Identifabilty under the Common Rule

An identifier includes any information that could be used to link research data with an individual subject.

  • The Common Rule defines “individually identifiable” to mean that the identity of the subject is, or may be, readily ascertained by the investigator or associated with the information.
  • A data set may be identifiable under the Common Rule if it contains: initials, address, zip code, phone number, gender, age, birth date, occupation, employer, racial or ethnic group, type of biopsy performed, date sample taken, diagnosis, primary care physician, referring physician, and genealogy.
  • Age, ethnicity/race, gender may be identifiers under the Common Rule if fewer than 5 individuals possess a particular cluster of traits.
  • Data may be identifiable if any combination of variables could potentially identify a subject.
  • Some of the identifiers listed above become less problematic if the sample size is large enough so that the potential identifiers could describe several individuals and thus cannot be linked to only one person. Conversely, if the sample size is small, the potential to identify an individual may increase, even in the absence of direct identifiers.
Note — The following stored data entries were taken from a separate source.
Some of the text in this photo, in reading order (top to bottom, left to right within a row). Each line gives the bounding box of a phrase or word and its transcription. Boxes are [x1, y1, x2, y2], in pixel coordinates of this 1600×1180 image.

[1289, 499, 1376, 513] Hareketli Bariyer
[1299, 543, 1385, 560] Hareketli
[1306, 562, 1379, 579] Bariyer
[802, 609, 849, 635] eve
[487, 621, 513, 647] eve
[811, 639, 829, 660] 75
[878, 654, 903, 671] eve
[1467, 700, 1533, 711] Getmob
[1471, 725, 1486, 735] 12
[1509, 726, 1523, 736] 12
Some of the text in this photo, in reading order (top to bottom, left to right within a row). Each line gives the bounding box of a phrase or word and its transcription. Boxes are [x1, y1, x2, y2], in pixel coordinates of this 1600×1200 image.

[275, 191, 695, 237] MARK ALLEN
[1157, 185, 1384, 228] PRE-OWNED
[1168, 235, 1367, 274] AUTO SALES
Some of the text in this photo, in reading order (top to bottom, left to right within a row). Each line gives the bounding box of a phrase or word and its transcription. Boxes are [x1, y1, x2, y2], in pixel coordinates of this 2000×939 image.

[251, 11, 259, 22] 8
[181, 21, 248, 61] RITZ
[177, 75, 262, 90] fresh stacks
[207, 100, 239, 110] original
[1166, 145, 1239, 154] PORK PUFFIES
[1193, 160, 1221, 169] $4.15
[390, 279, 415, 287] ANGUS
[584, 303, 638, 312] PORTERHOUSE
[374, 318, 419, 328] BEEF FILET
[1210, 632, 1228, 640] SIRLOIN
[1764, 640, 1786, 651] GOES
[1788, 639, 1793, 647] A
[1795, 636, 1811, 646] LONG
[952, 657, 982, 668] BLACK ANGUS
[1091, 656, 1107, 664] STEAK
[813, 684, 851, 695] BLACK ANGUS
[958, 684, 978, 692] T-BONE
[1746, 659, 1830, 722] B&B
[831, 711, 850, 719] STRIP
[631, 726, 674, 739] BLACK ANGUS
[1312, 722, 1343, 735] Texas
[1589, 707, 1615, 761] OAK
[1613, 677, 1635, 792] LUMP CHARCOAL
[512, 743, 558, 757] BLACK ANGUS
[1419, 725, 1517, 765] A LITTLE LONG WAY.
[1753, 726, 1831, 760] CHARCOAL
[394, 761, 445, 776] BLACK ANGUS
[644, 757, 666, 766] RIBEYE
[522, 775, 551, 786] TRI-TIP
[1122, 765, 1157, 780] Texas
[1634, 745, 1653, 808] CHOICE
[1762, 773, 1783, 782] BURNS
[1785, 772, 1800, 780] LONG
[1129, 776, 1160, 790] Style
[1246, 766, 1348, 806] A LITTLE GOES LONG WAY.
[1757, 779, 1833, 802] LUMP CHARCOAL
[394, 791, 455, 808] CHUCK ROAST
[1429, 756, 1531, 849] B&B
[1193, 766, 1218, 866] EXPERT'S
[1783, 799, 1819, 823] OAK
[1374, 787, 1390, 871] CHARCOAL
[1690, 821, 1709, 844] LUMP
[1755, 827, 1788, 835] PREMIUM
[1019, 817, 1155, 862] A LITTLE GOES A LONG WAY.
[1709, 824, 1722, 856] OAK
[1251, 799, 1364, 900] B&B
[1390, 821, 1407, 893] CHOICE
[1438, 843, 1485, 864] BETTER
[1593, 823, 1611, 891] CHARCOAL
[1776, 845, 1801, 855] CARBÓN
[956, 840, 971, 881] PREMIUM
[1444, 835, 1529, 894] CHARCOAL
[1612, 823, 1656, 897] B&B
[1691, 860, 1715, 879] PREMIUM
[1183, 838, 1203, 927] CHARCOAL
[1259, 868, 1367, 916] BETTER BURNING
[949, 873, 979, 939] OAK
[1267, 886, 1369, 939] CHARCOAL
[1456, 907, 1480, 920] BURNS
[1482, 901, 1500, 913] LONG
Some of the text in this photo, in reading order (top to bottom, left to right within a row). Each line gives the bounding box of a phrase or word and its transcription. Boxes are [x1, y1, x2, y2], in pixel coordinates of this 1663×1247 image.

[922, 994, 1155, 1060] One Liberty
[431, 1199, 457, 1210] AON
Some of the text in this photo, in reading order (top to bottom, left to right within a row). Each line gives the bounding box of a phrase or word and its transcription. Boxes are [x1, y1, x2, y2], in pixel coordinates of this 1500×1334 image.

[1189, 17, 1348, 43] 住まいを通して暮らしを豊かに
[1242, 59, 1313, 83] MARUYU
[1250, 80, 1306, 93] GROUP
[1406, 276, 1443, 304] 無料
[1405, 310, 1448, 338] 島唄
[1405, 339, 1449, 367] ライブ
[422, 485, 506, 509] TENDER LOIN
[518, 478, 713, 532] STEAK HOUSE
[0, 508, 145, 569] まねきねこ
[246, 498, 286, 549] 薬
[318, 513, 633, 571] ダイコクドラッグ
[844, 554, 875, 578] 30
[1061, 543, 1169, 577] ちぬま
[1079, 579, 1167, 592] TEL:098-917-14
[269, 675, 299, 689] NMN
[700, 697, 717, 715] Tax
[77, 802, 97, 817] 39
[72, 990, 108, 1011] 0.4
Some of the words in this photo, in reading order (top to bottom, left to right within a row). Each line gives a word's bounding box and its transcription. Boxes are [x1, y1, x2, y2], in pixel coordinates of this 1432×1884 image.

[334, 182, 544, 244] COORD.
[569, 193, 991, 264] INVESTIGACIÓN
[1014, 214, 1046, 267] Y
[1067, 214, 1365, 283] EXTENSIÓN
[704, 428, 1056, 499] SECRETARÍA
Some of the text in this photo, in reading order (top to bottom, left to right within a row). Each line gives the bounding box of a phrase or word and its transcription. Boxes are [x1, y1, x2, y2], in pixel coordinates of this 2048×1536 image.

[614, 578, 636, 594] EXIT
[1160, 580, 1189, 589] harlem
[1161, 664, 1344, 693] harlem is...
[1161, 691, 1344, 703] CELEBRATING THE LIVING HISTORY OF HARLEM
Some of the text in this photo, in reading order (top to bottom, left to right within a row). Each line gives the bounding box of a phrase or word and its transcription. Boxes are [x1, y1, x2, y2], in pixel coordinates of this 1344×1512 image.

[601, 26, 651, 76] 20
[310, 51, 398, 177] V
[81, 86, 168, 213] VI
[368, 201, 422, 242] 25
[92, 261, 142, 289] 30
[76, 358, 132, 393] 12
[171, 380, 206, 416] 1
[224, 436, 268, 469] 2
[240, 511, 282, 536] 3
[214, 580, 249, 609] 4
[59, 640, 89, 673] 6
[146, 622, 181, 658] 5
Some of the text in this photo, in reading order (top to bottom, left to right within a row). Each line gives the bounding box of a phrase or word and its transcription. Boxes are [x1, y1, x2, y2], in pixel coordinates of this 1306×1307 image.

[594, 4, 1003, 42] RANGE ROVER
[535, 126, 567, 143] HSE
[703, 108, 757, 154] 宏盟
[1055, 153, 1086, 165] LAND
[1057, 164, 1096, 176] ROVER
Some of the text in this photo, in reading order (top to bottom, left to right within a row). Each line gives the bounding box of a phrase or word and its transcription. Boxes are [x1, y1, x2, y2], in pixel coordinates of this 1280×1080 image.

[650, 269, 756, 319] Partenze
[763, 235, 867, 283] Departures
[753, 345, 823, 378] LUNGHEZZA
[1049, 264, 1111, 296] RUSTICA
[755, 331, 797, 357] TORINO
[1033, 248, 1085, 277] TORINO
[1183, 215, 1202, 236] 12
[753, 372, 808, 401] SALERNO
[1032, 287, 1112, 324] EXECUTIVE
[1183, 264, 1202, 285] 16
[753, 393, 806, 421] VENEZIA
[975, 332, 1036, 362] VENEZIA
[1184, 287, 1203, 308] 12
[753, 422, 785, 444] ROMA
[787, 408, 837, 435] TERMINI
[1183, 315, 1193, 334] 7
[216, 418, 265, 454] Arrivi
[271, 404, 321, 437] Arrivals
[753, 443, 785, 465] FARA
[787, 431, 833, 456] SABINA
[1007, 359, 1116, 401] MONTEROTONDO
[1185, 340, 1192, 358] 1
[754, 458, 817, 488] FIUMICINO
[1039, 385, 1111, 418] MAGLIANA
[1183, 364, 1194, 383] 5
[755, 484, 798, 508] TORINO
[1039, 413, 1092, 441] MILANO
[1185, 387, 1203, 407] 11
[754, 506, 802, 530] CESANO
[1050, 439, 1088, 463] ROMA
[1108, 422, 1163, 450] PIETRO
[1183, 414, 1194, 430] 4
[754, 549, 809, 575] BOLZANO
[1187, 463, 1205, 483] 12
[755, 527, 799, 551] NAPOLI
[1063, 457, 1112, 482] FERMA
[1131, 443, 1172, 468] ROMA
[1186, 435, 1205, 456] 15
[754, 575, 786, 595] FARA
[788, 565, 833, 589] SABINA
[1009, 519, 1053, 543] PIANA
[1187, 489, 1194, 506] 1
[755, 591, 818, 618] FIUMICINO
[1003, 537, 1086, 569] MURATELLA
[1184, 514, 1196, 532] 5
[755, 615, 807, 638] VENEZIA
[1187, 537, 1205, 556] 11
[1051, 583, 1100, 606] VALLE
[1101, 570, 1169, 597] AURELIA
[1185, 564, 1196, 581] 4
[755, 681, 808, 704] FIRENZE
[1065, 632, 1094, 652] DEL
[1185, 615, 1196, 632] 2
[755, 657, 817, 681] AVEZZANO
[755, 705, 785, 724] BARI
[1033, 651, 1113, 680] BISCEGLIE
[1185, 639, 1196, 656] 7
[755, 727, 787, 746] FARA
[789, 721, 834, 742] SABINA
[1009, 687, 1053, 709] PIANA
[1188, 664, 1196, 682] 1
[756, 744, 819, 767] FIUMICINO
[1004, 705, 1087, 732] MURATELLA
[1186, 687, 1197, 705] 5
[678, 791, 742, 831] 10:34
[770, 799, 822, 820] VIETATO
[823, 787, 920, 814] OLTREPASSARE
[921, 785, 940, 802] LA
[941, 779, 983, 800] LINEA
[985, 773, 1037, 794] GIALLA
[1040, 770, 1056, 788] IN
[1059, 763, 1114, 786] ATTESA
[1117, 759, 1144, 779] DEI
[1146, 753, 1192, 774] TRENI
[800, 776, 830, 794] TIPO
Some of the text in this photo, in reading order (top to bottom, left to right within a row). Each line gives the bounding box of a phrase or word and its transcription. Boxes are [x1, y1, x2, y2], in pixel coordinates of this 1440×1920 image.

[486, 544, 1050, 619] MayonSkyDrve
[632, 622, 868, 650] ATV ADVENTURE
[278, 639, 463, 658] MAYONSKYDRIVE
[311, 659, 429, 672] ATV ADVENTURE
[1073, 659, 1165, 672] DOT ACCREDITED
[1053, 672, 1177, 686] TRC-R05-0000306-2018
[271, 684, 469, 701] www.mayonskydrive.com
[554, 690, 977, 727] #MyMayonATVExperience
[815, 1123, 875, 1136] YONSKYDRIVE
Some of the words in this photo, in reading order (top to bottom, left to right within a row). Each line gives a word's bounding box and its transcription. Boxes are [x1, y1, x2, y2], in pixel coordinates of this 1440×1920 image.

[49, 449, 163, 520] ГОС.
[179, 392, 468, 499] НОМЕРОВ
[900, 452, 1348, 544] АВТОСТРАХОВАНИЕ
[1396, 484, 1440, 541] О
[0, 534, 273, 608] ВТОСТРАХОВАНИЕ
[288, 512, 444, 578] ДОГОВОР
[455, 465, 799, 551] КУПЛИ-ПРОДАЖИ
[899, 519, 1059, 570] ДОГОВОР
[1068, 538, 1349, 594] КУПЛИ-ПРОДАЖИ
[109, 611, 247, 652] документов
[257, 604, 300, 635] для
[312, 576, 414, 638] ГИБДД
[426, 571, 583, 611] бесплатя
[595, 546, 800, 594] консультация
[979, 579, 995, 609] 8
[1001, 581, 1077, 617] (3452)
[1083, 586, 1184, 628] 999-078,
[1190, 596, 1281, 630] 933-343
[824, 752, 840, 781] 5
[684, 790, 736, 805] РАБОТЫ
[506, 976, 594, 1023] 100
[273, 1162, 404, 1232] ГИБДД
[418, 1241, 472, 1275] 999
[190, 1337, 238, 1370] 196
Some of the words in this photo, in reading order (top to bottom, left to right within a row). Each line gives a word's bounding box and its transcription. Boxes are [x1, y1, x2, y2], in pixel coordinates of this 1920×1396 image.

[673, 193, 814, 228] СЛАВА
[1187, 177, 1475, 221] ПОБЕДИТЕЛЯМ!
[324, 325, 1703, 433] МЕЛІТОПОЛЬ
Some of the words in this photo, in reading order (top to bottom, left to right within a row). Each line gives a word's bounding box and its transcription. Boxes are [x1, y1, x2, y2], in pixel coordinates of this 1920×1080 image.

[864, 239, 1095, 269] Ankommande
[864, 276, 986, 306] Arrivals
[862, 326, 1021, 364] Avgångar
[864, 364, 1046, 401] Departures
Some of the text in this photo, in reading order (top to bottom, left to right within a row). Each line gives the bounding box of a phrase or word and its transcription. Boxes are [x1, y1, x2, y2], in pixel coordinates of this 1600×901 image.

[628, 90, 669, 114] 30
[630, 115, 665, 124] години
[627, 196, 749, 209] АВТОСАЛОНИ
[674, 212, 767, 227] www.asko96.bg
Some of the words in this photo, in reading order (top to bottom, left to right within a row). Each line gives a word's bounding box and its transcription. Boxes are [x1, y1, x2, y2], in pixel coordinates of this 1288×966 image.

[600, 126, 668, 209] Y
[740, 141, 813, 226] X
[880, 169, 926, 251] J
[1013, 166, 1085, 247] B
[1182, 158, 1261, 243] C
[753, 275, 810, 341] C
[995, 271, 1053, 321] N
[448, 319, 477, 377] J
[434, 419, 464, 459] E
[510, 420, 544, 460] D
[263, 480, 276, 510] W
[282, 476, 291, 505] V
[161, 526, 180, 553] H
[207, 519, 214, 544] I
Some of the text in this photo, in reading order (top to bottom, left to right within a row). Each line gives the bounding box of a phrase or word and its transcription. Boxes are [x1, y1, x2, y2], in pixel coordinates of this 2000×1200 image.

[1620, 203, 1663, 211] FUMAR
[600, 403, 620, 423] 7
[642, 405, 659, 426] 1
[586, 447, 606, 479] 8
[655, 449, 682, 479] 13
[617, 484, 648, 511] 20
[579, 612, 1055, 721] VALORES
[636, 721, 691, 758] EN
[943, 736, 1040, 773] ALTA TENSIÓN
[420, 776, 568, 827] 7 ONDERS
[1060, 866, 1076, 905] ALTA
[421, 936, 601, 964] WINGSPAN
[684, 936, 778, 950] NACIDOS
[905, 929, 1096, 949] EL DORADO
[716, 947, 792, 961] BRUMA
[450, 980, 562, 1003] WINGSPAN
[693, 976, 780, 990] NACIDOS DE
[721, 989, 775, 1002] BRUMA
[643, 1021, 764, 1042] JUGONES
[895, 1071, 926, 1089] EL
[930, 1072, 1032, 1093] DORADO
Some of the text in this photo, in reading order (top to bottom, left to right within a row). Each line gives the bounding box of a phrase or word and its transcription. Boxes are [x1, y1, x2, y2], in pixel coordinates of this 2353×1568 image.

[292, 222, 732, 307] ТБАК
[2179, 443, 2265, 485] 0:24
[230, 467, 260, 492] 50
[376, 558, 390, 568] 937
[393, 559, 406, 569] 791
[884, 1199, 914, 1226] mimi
Identifiability under HIPAA

The HIPAA Privacy Rule regulation specifies 18 identifiers (listed in policy UW-114), most of which are demographic. Inclusion of even one of the identifiers makes a data set identifiable. However, there are levels of identifiability. The following are considered limited identifiers under HIPAA: geographic area smaller than a state, elements of dates (date of birth, date of death, dates of clinical service), and age over age 89. The remaining identifiers in the list are considered to be direct identifiers. If the data set contains any limited identifiers, but none of the direct identifiers, it is considered a limited data set under HIPAA.

Definitions

What it means for data to be coded, de-identified or anonymous is important when it comes to understanding the identifiability of data.

  • Coded data

    This refers to data which have been stripped of all direct subject identifiers, but in this case each record has its own study ID or code, which is linked to identifiable information such as name or medical record number. The linking file must be separate from the coded data set. This linking file may be held by someone on the study team (e.g. the PI) or it could be held by someone outside of the study team (e.g. a researcher at another institution). A coded data set may include limited identifiers under HIPAA. Of note, the code itself may not contain identifiers such as subject initials or medical record number.
  • De-identified data

    This refers to data which have been stripped of all subject identifiers, including all 18 HIPAA identifiers. This means that there can be no data points that are considered limited identifiers under HIPAA, i.e. geographic area smaller than a state, elements of dates (date of birth, date of death, dates of clinical service), and age over age 89. If the data set contains any limited identifiers, it is considered a limited data set under HIPAA. If the data includes an indirect link to subject identifiers (e.g. via coded ID numbers), then the data is considered by the IRB to be coded, not de-identified.
    Please note that data can be considered de-identified under the Common Rule but NOT the HIPAA Privacy Rule (e.g., limited data sets), and vice versa (e.g., no HIPAA identifiers are included but the combination of data points could make subjects identifiable).
  • Anonymous data

    Essentially the same thing as de-identified data, this refers to data which have been stripped of all subject identifiers and which have no indirect links to subject identifiers. There should be no limited identifiers in an anonymous data set.

Data Safety Monitoring Plans (DSMP)

Any study that presents more than minimal risk to subjects must describe a data and safety monitoring plan. Studies utilizing IRB protocol templates will be prompted to provide this information.

In the case of minimal risk research, the IRB may require a DSMP if the committee deems that monitoring of the study is needed to ensure the protection of the rights and welfare of subjects or data integrity, which could affect the welfare of future subjects.

See HRP-335 for IRB considerations in reviewing Data and Safety Monitoring Plans.